Question from trigonometry -- prove that the largest angle is greater than 120°

[prashant singh]

In a triangle whose sides are 3,4 and root 38 metres respectively, prove that the largest angle is greater than 120°

• My answer: Here angle C > B...(1) and C > A ...(2) adding (1) and (2) we get 2c > A+B, taking sine both side , sin2C = sin(A+B) = sin(C), therefore cosc > (1/2) therefore angle C> 60°
• I am not getting C> 120°, what is the problem please help

 

[Hiranya Pasan]

(180-60)=120 is also a solution, now you should think how to prove that particular solution

 

[mfig]

Why not use the law of cosines? Find the angle between the short sides.

$38 = 3^2 + 4^2 - 2(3)(4)cos(θ)$

Now solve for θ.

 

[SteamKing]

Why not use the law of cosines?
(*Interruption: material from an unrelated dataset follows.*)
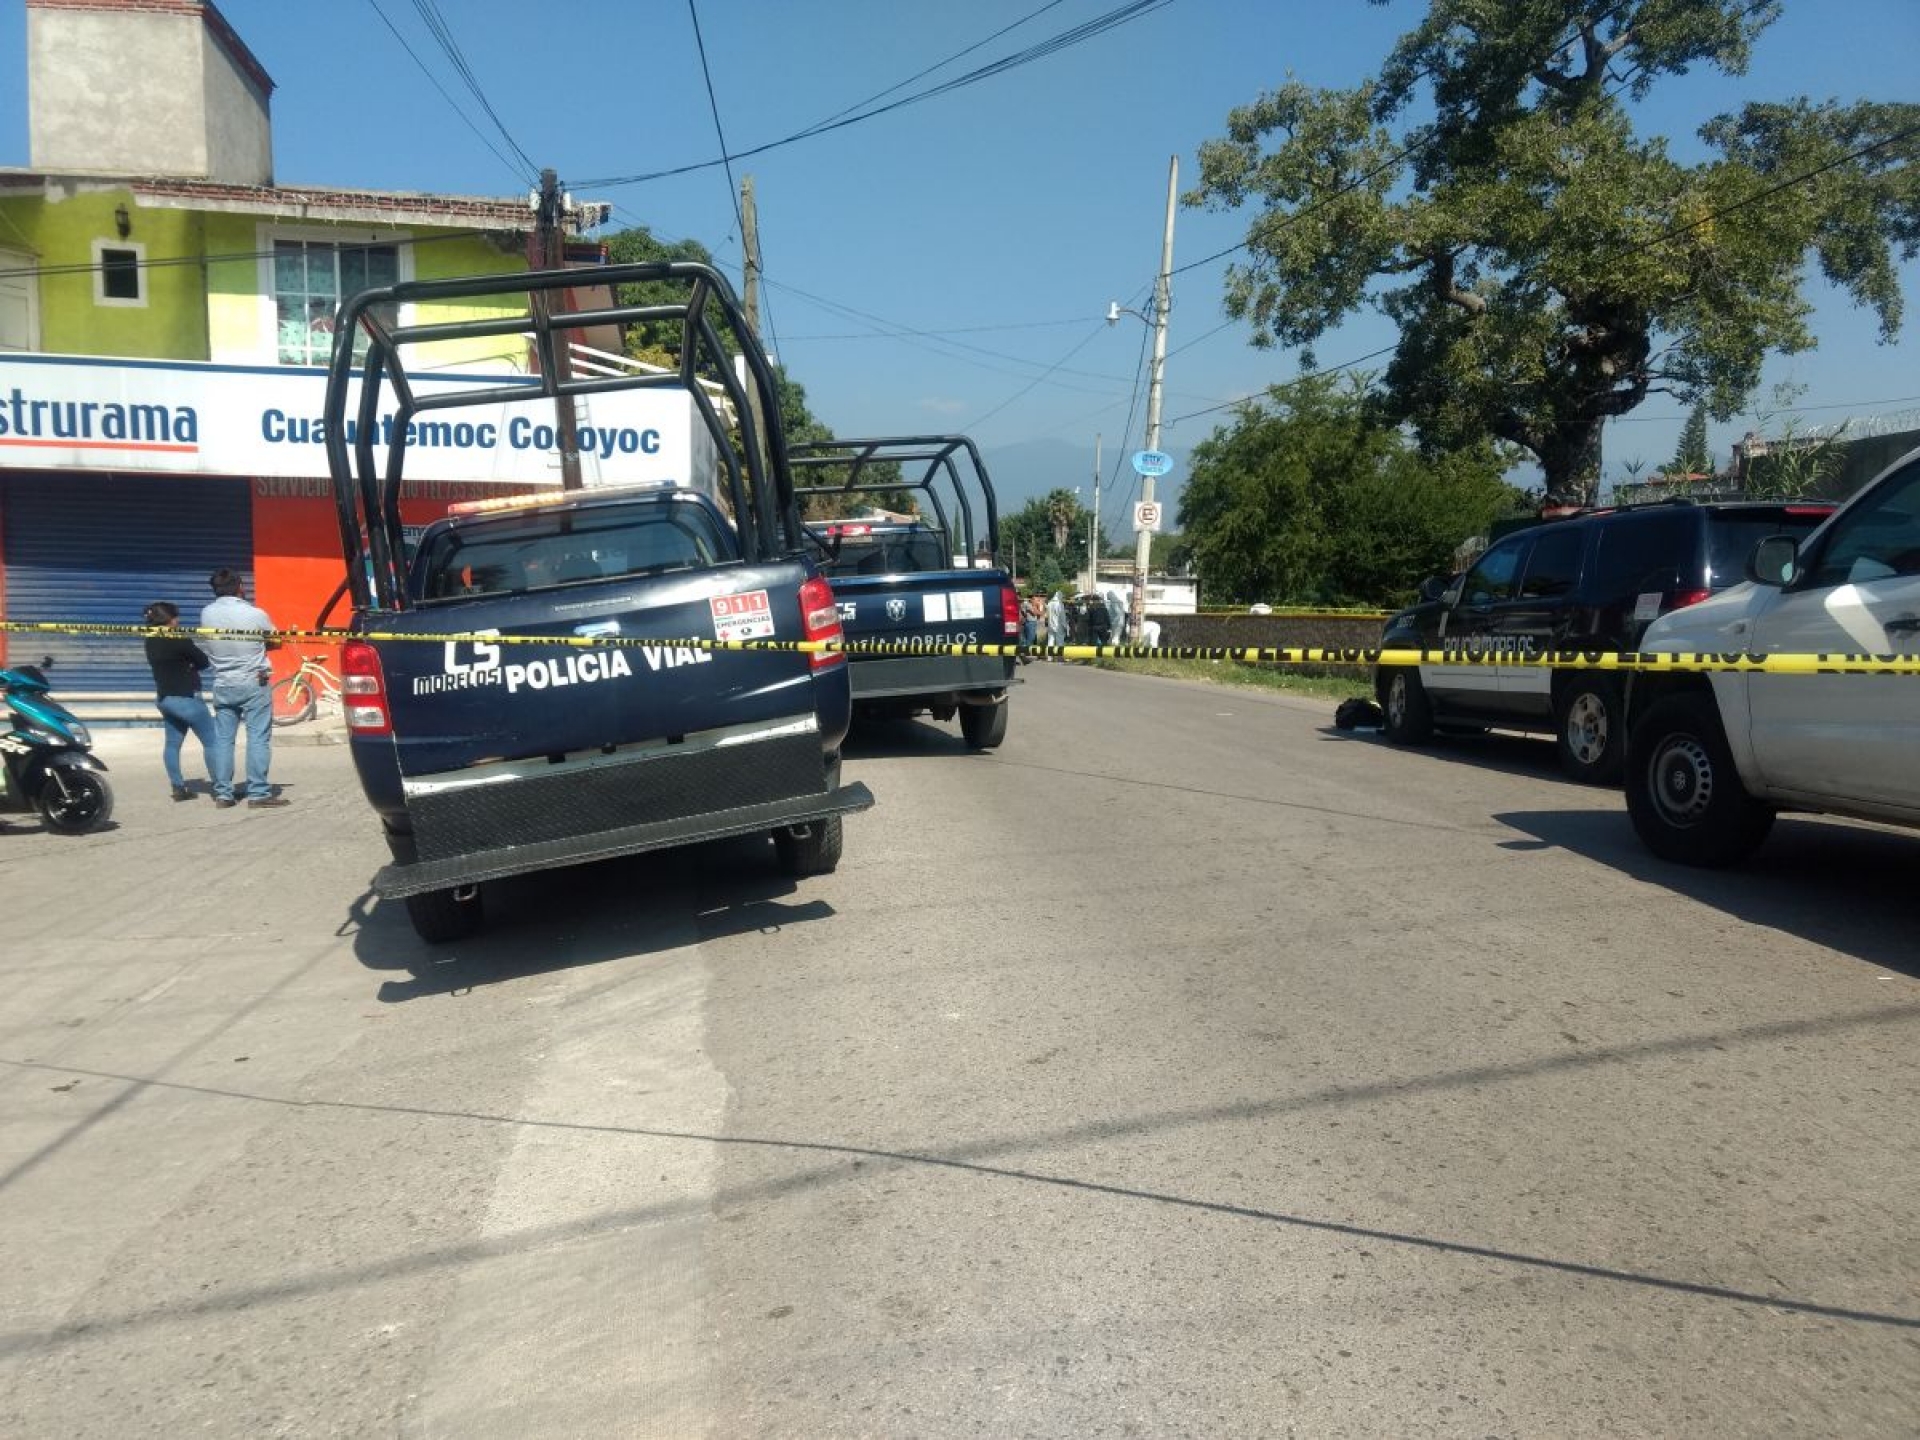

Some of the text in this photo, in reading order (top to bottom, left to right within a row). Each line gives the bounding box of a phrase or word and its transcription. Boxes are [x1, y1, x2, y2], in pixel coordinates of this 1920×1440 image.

Find the angle between the short sides.

$38 = 3^2 + 4^2 - 2(3)(4)cos(θ)$

Now solve for θ.

There's a typo in the equation above. The 38 should also be squared.

 

[SammyS]

There's a typo in the equation above. The 38 should also be squared.

No. It's $\ \sqrt{38}\$ which is being squared.

 

[SteamKing]

No. It's $\ \sqrt{38}\$ which is being squared.

Missed the root in the OP.

 

[haruspex]

taking sine both side , sin2C = sin(A+B) = sin(C),

I guess you meant sin 2C > sin(A+B), but that does not follow. Once the angle exceeds 90 degrees the sine function is decreasing. Indeed, sin(2C) would be < sin(A+B) here.

cosc > (1/2) therefore angle C> 60°

That's backwards. If sin(2C) were > sin(A+B), it would follow that C is less than 60.

@mfig's method is fine, but you do not need to solve for theta. Just show that the longest side is too long for a 120 angle.